What to do: Images do not belong in the copy; retype the rest of the entries below exactly.

══════

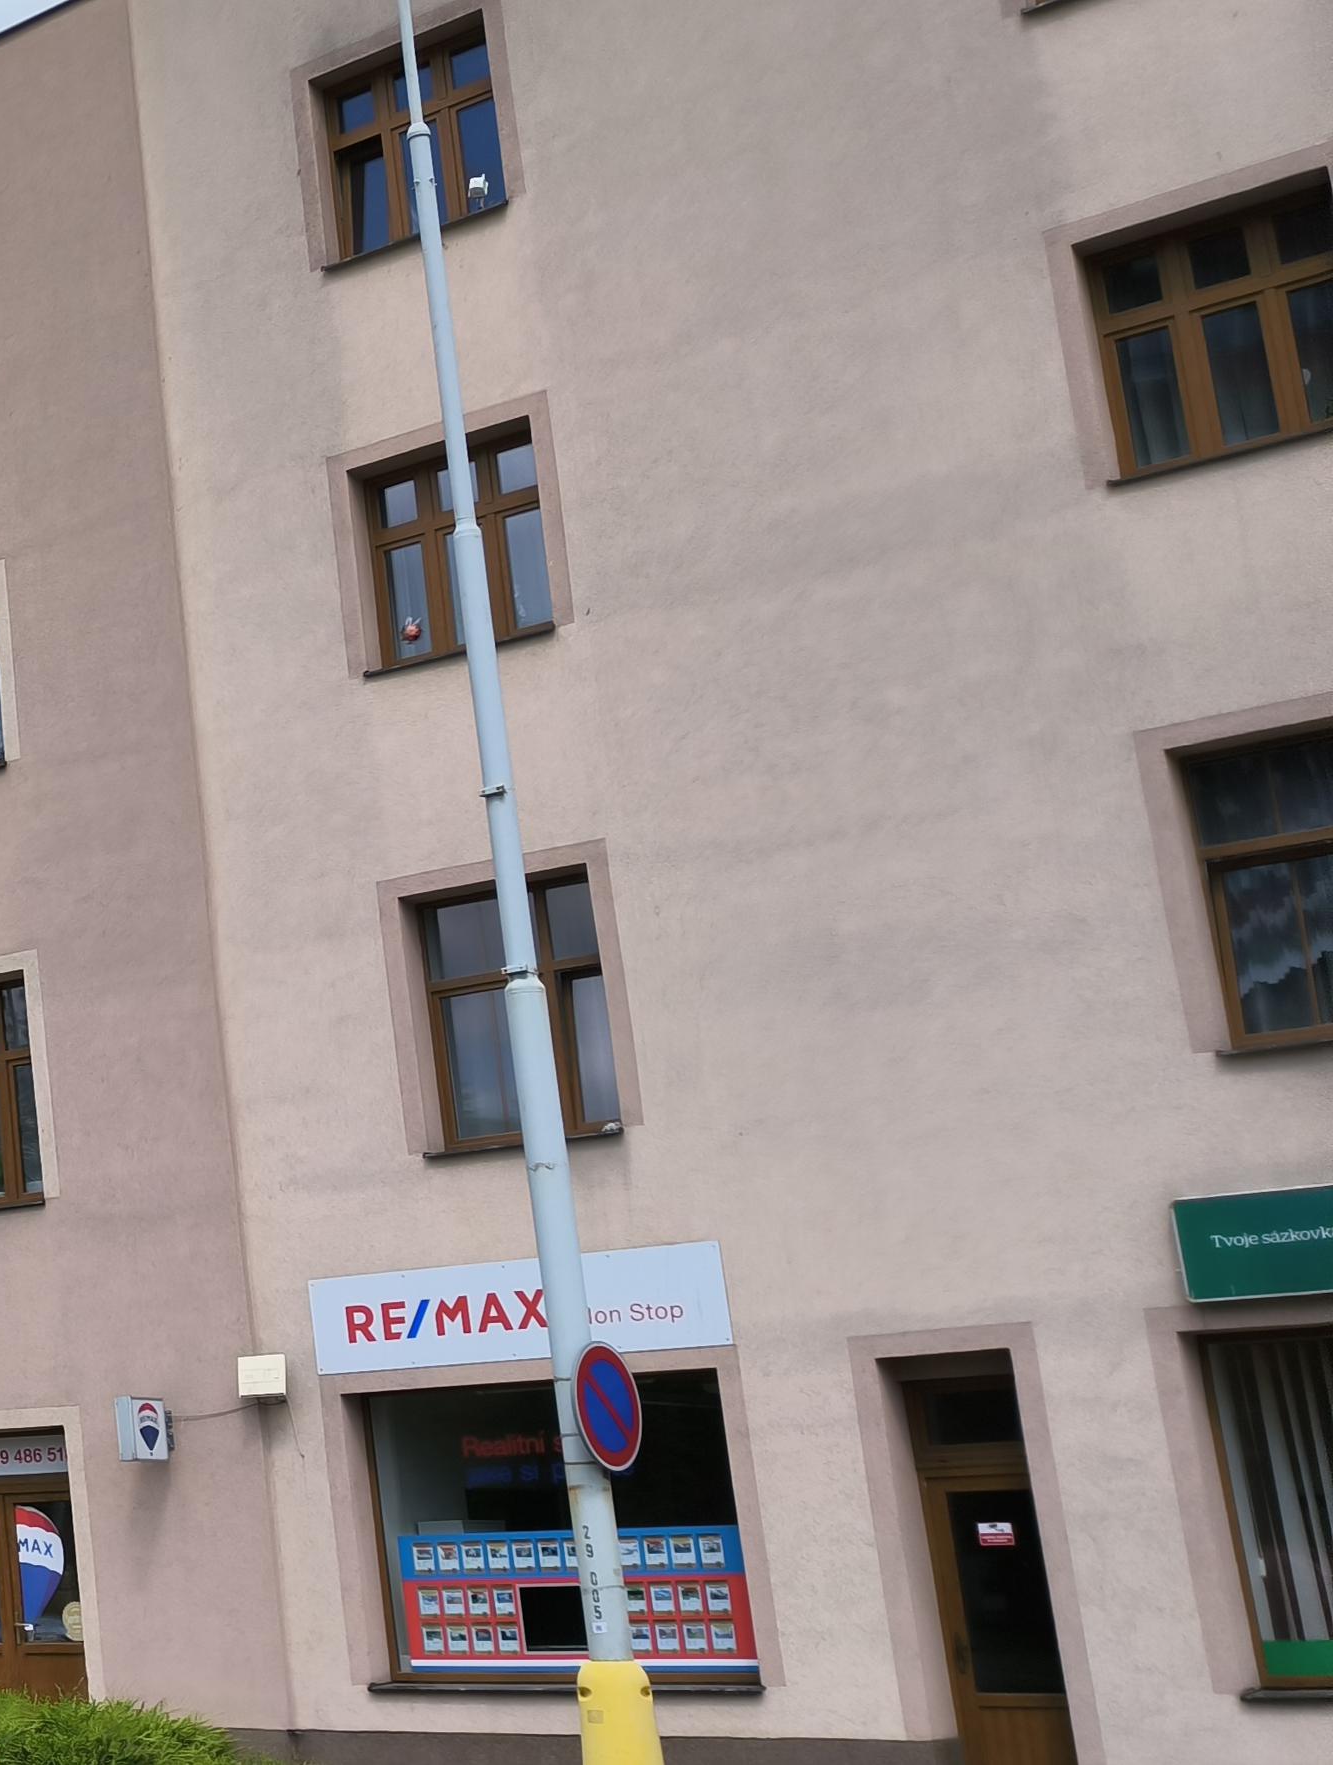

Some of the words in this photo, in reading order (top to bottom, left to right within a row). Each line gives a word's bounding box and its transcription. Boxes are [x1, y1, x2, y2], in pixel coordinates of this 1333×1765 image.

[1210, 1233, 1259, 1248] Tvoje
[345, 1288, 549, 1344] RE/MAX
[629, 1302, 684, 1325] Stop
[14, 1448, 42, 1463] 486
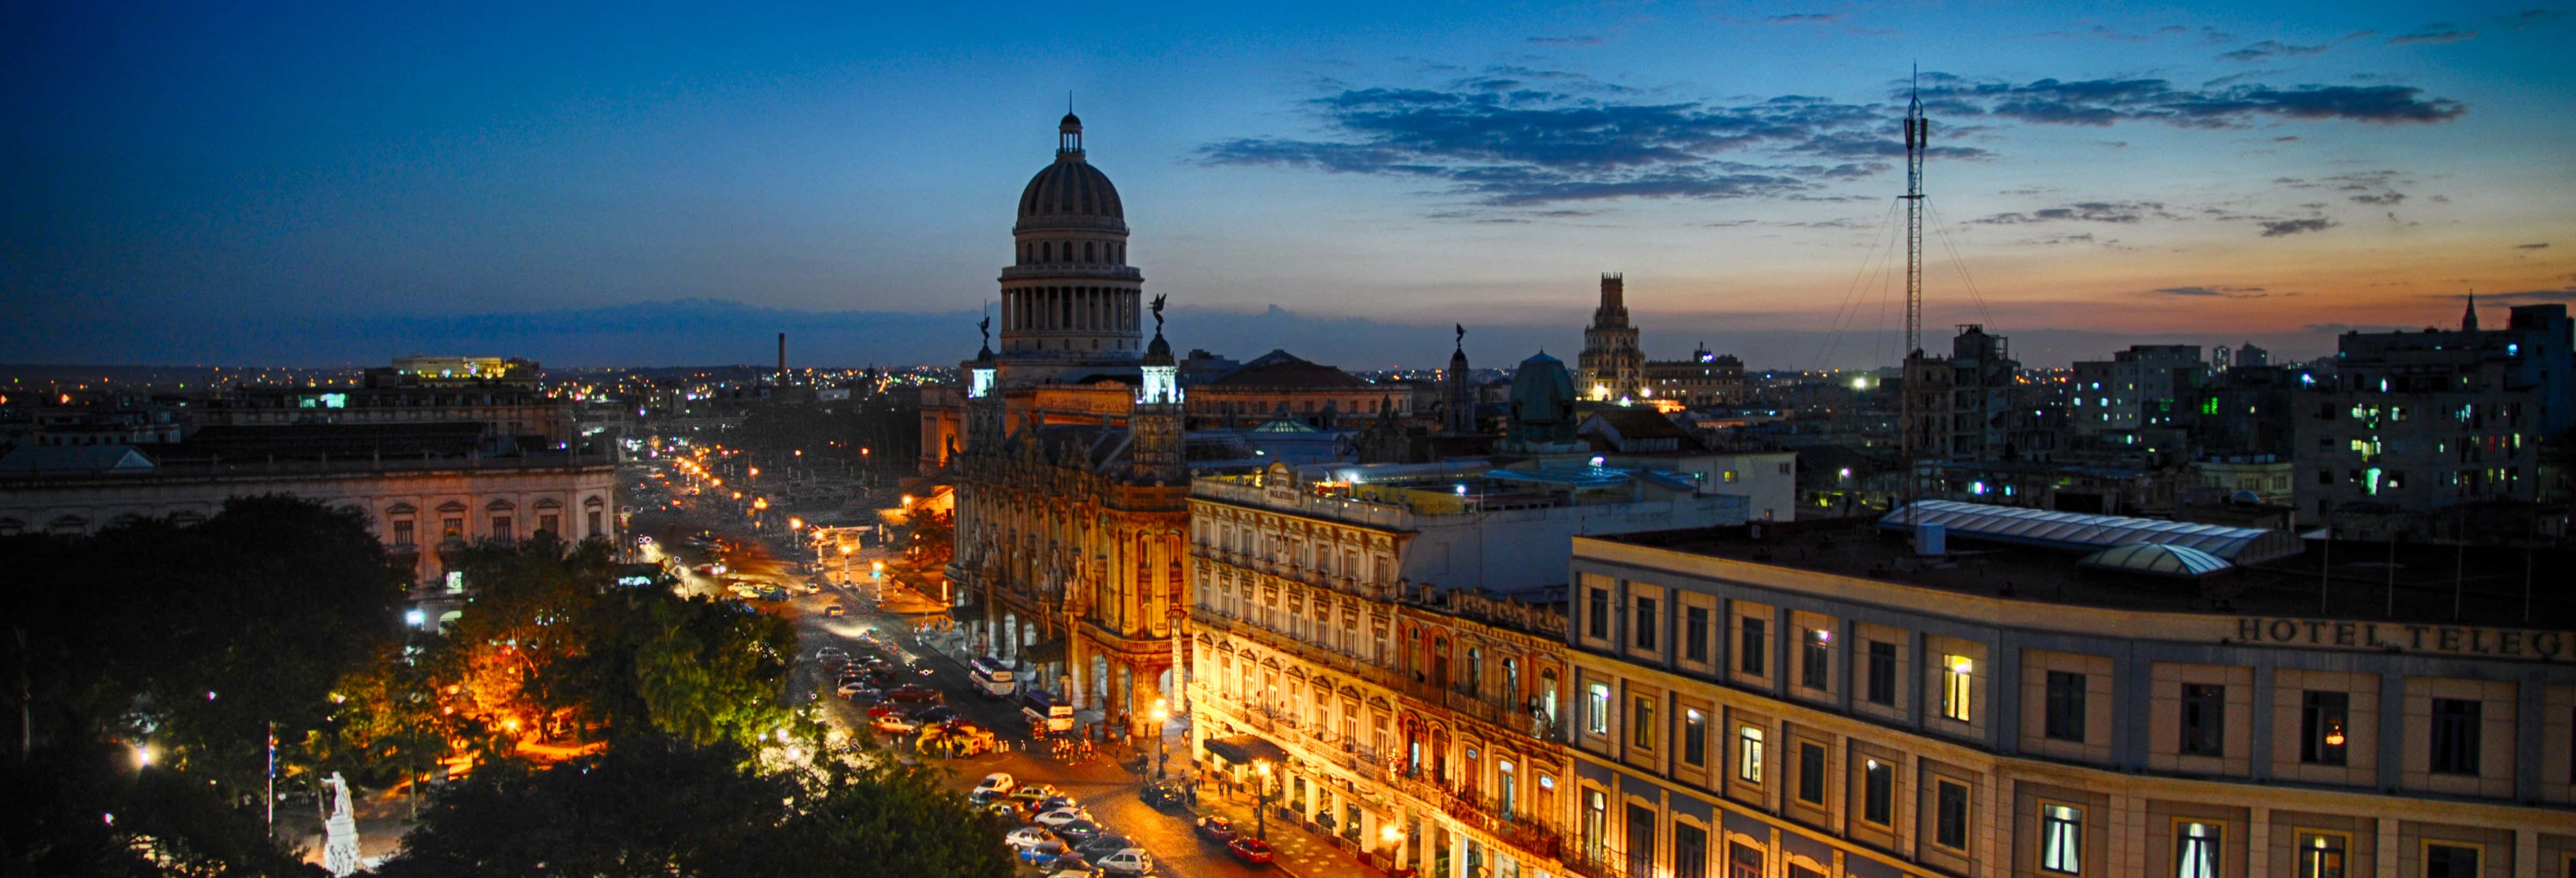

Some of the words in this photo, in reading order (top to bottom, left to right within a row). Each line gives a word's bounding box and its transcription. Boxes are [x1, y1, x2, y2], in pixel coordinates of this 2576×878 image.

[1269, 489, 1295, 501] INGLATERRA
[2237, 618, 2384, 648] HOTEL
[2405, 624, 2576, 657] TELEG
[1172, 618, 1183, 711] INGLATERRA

══════

Solution to this problem:
Some of the words in this photo, in reading order (top to bottom, left to right within a row). Each line gives a word's bounding box and its transcription. Boxes are [x1, y1, x2, y2], in pixel coordinates of this 1333×1765 image.

[1210, 1233, 1259, 1248] Tvoje
[345, 1288, 549, 1344] RE/MAX
[629, 1302, 684, 1325] Stop
[14, 1448, 42, 1463] 486

Some of the words in this photo, in reading order (top to bottom, left to right within a row). Each line gives a word's bounding box and its transcription. Boxes are [x1, y1, x2, y2], in pixel coordinates of this 2576×878 image.

[1269, 489, 1295, 501] INGLATERRA
[2237, 618, 2384, 648] HOTEL
[2405, 624, 2576, 657] TELEG
[1172, 618, 1183, 711] INGLATERRA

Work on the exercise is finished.